» WHAT IS REQUIRED
Print every record exactly as it appears. Leave the pictures out.

[Extracted data entries]
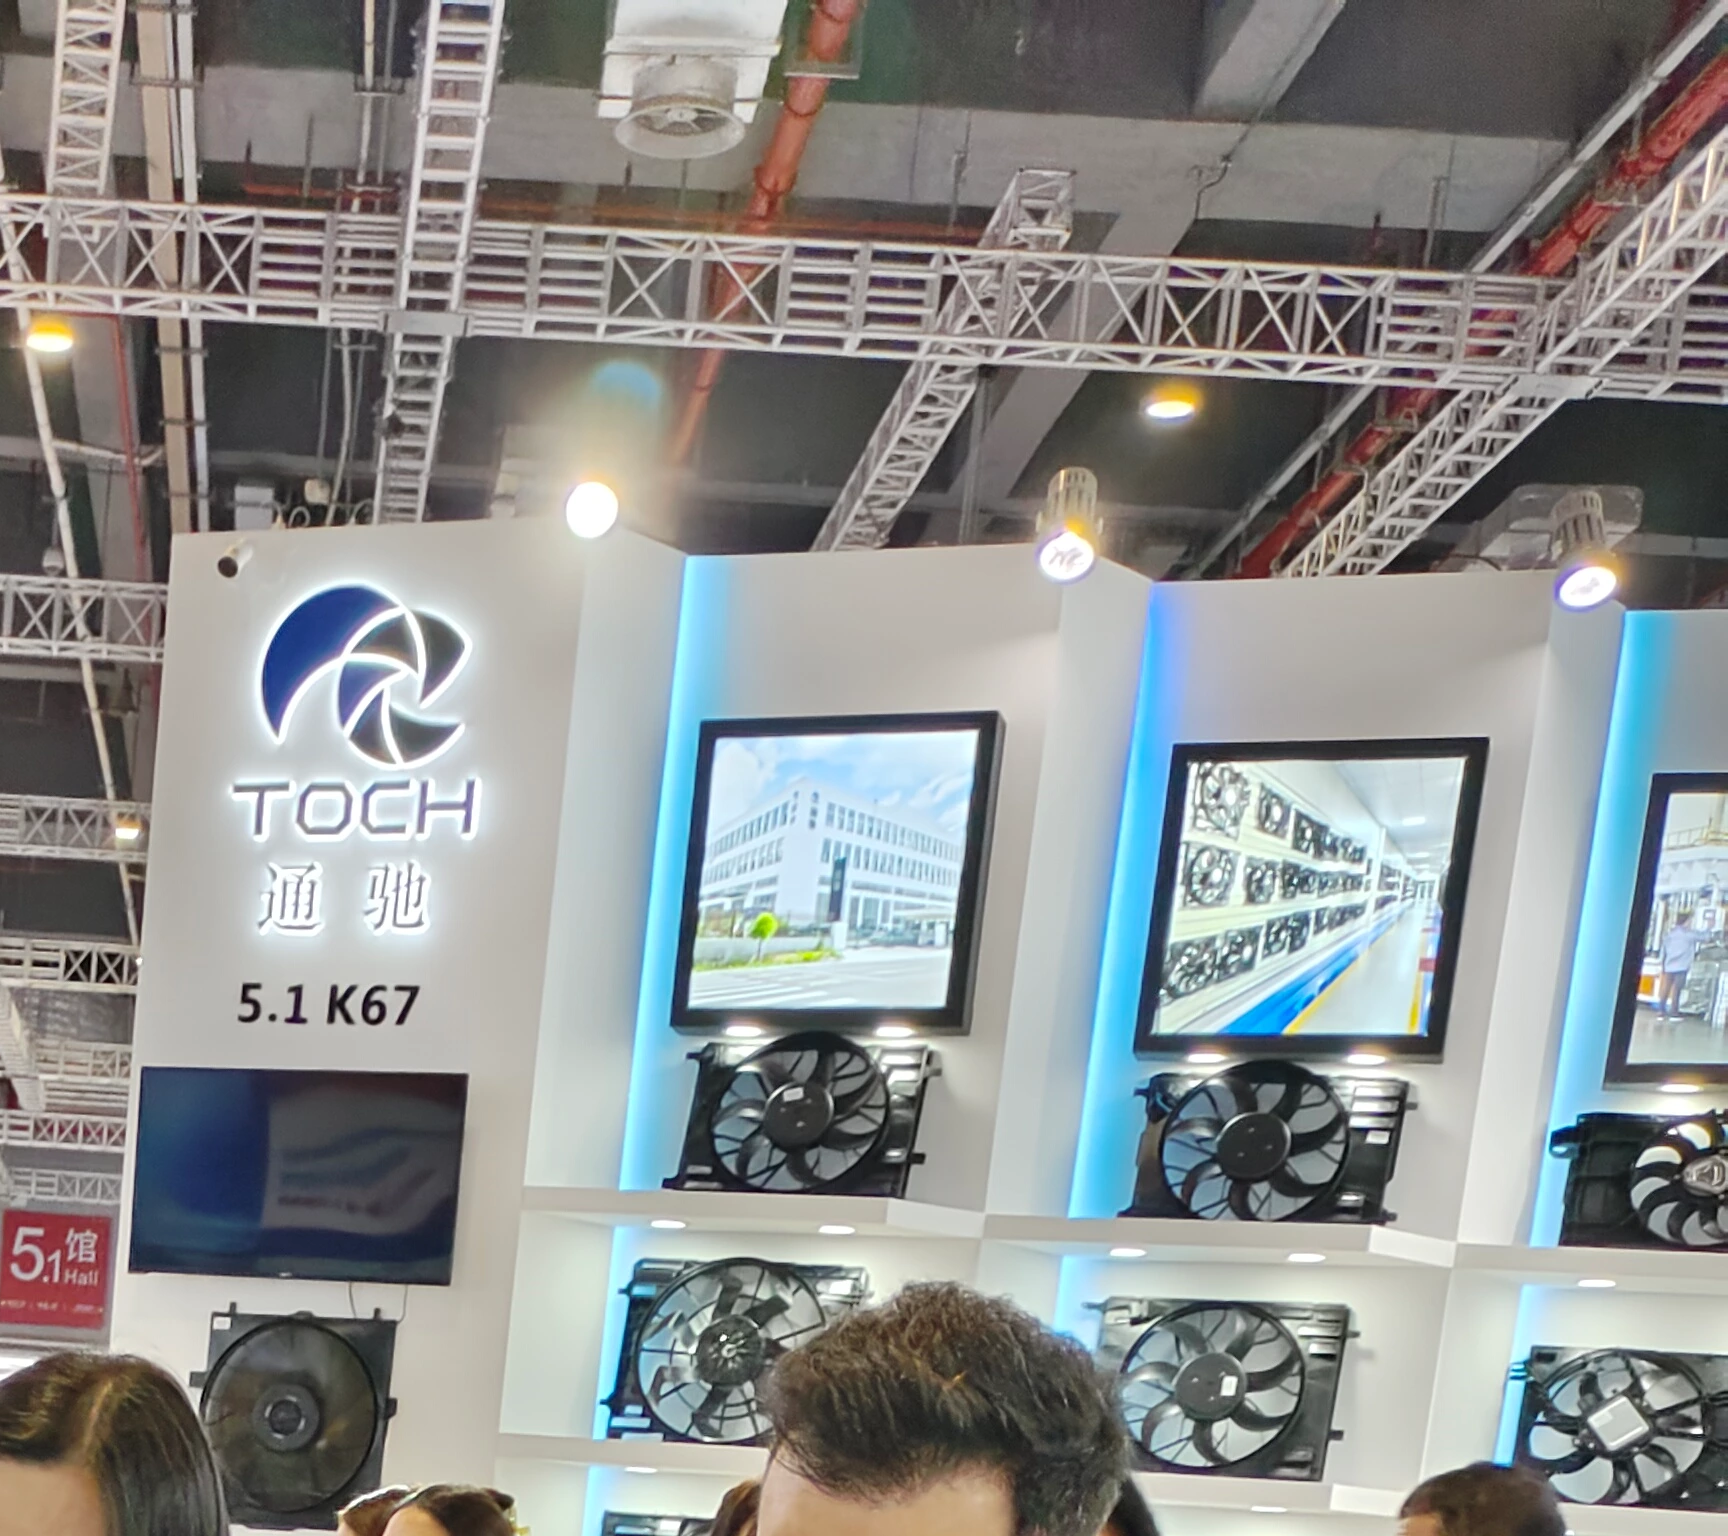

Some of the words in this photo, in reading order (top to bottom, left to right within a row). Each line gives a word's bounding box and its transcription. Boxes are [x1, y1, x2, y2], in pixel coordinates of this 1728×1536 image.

[231, 778, 478, 838] TOCH
[257, 860, 430, 933] 通驰
[237, 982, 309, 1025] 5.1
[326, 983, 421, 1026] K67
[9, 1226, 62, 1284] 5.1
[65, 1227, 99, 1264] 馆
[64, 1268, 99, 1287] Hall
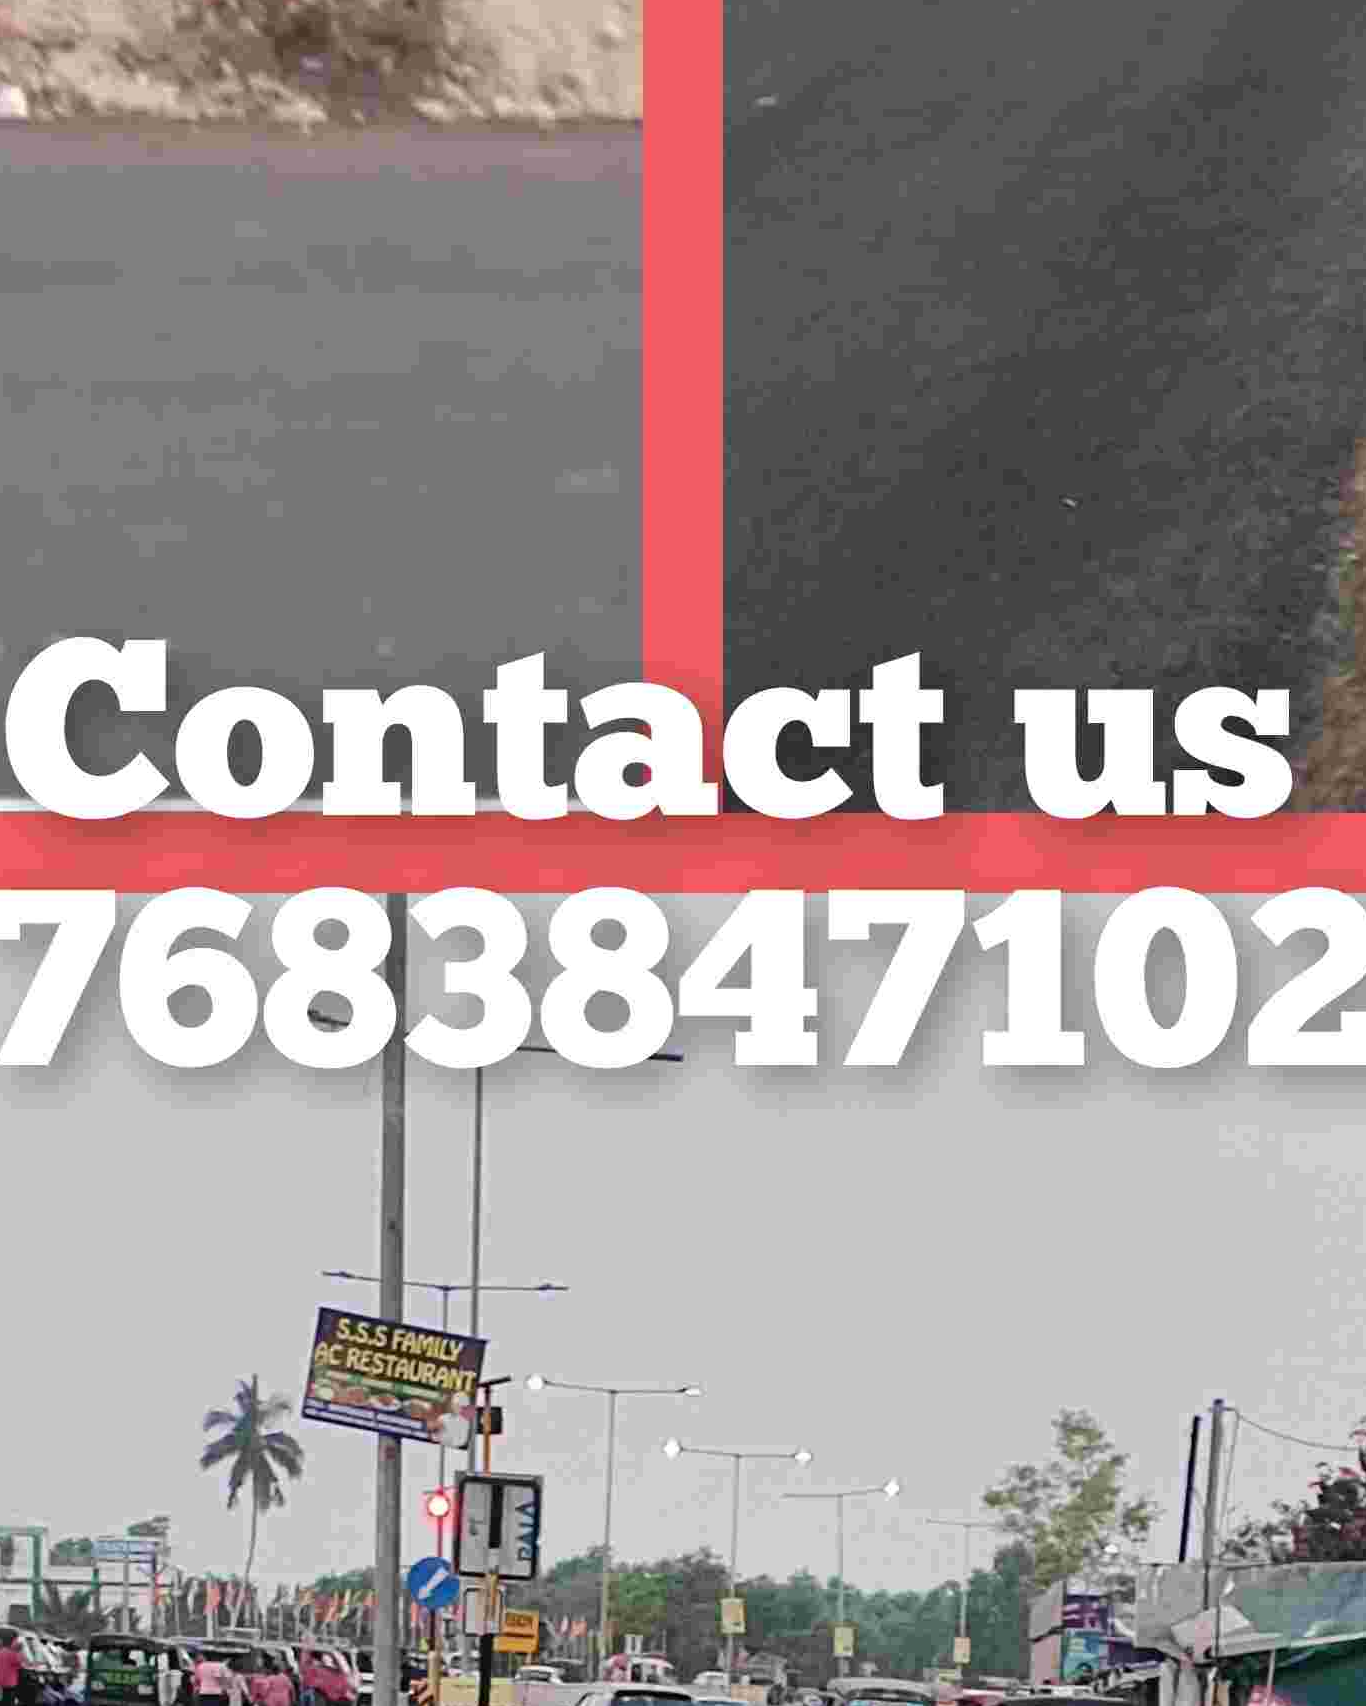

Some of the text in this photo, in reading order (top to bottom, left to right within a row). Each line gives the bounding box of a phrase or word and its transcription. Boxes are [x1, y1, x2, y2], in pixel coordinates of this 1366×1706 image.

[314, 1341, 477, 1391] AC RESTAURANT
[390, 1327, 464, 1363] FAMILY
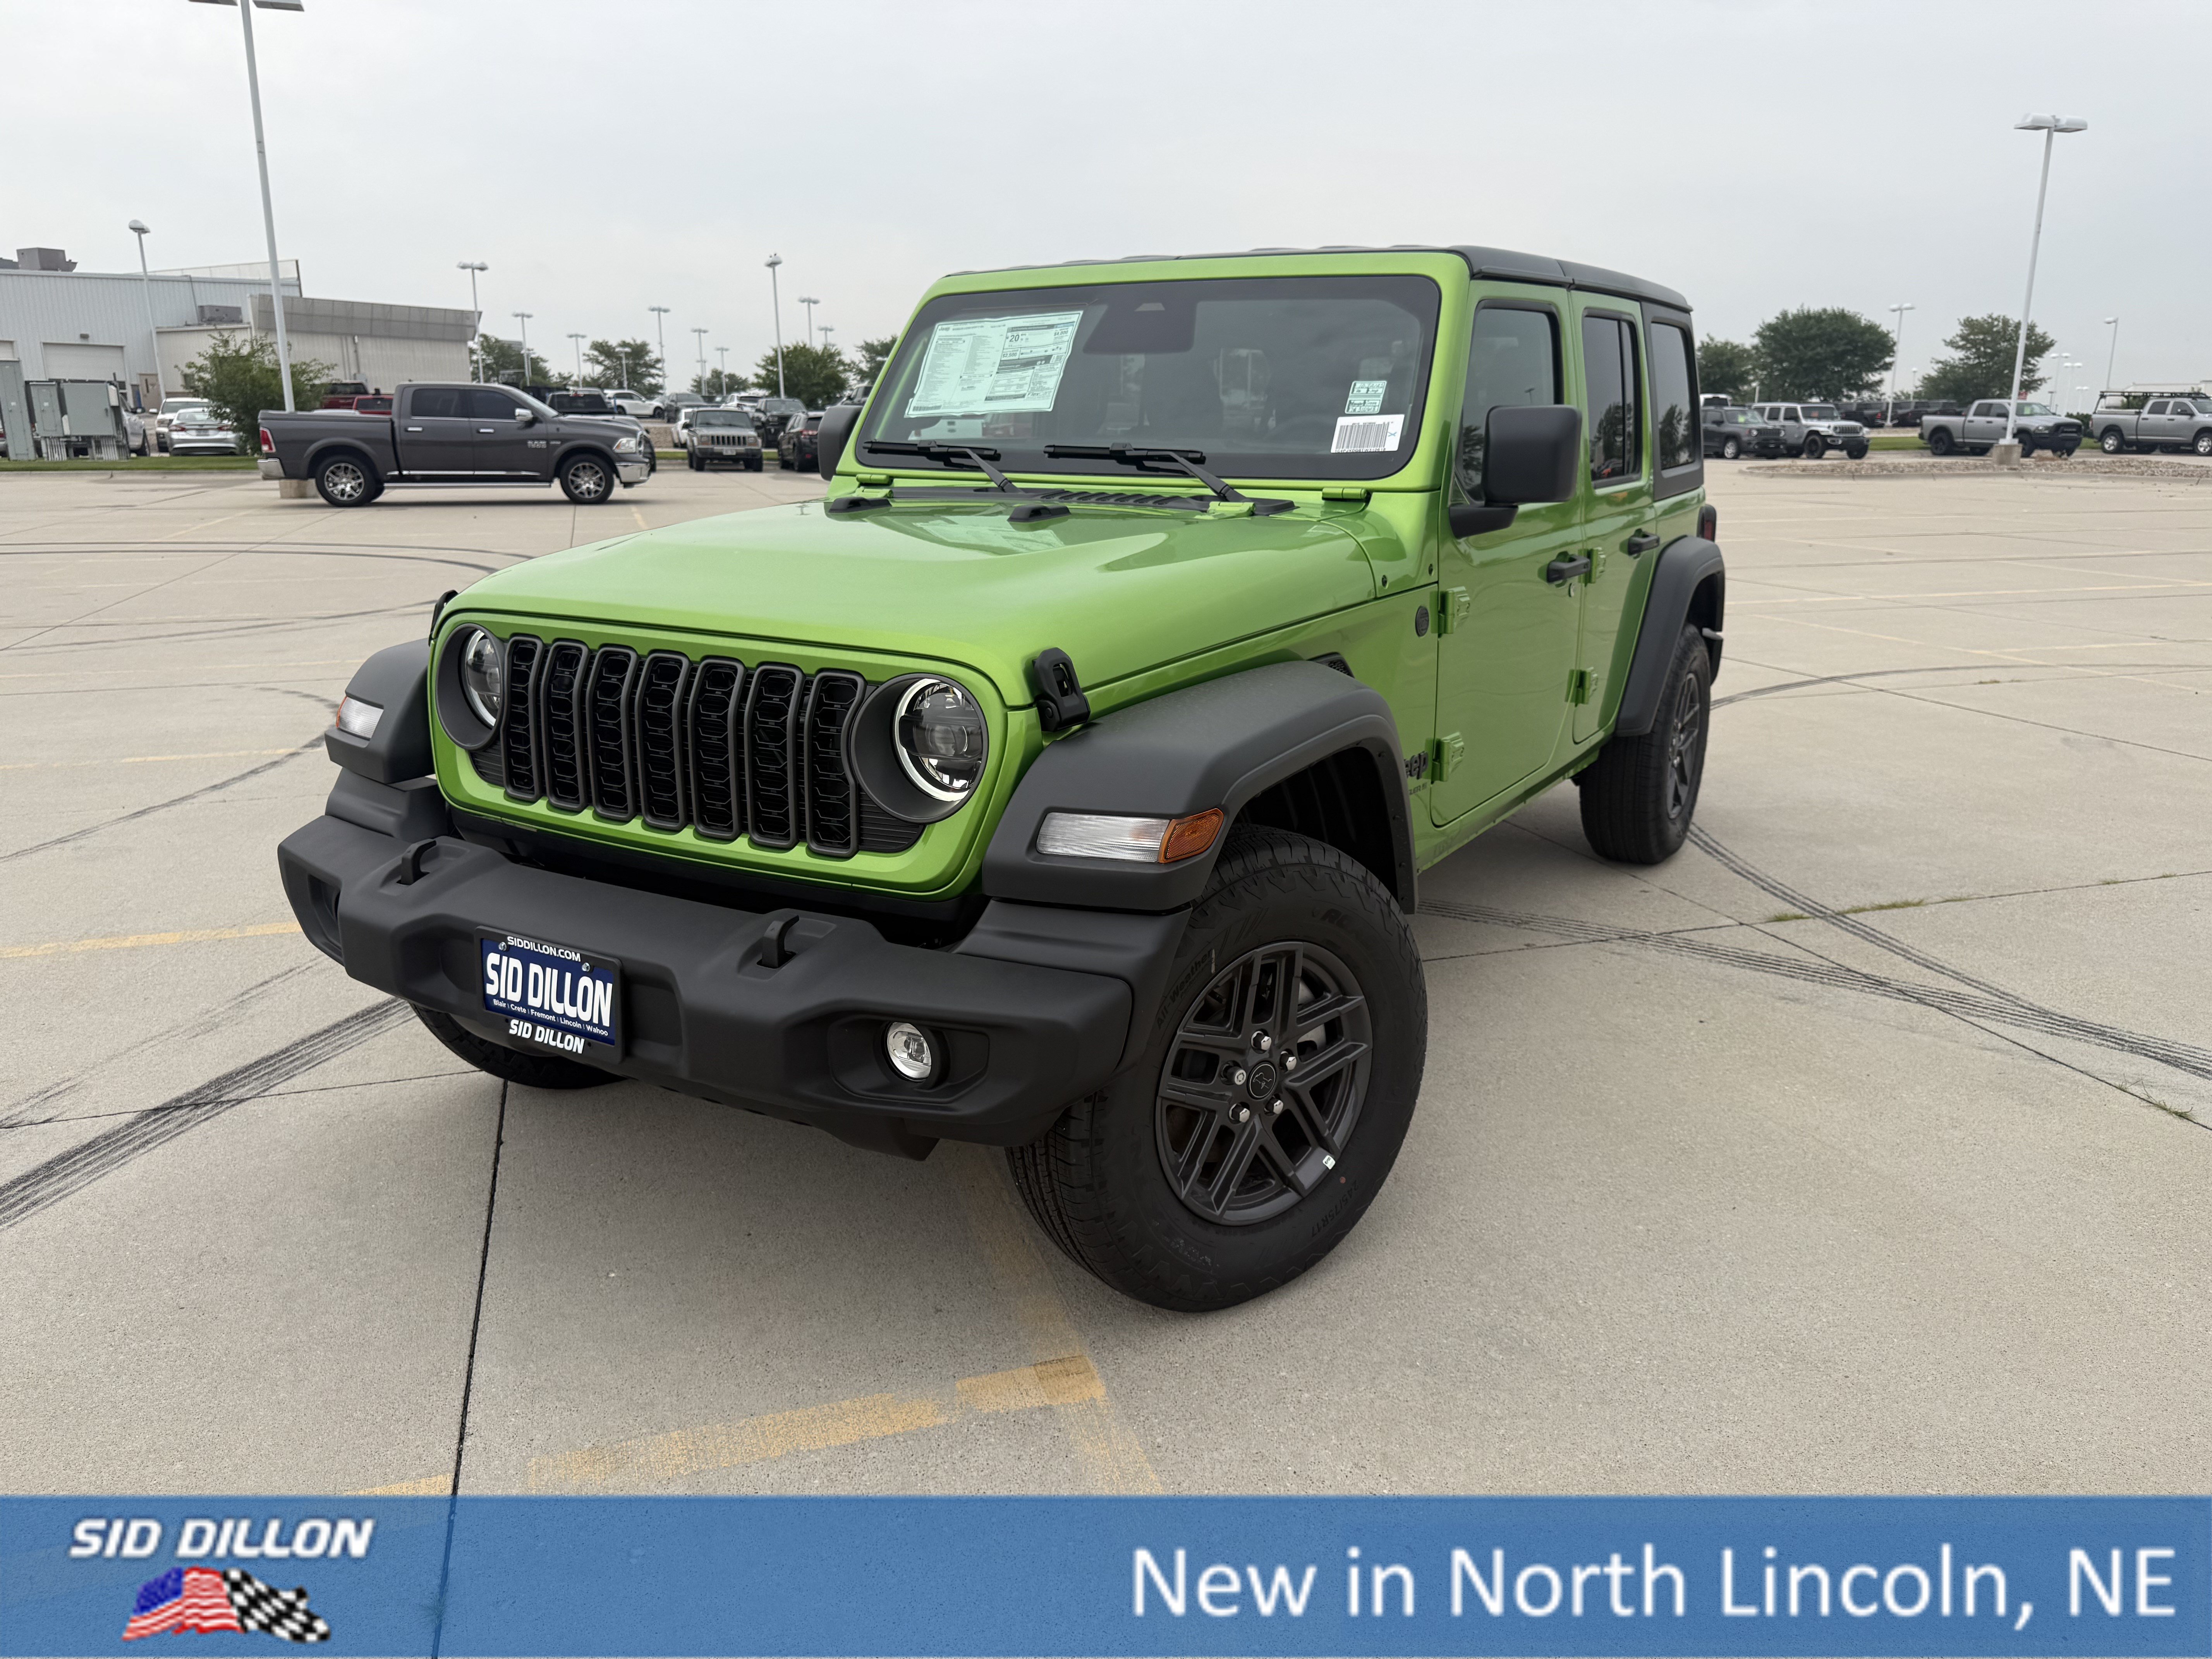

» EXERCISE ANSWER
Some of the words in this photo, in reading order (top to bottom, left to right within a row). Each line gives a word's bounding box and its transcription. Boxes are [x1, y1, x2, y2], in pixel coordinates of this 1728×1536 image.

[231, 778, 478, 838] TOCH
[257, 860, 430, 933] 通驰
[237, 982, 309, 1025] 5.1
[326, 983, 421, 1026] K67
[9, 1226, 62, 1284] 5.1
[65, 1227, 99, 1264] 馆
[64, 1268, 99, 1287] Hall

Some of the text in this photo, in reading order (top to bottom, left to right within a row). Each line gives the bounding box of a phrase or word and its transcription. Boxes are [x1, y1, x2, y2], in pixel coordinates of this 1366×1706 image.

[314, 1341, 477, 1391] AC RESTAURANT
[390, 1327, 464, 1363] FAMILY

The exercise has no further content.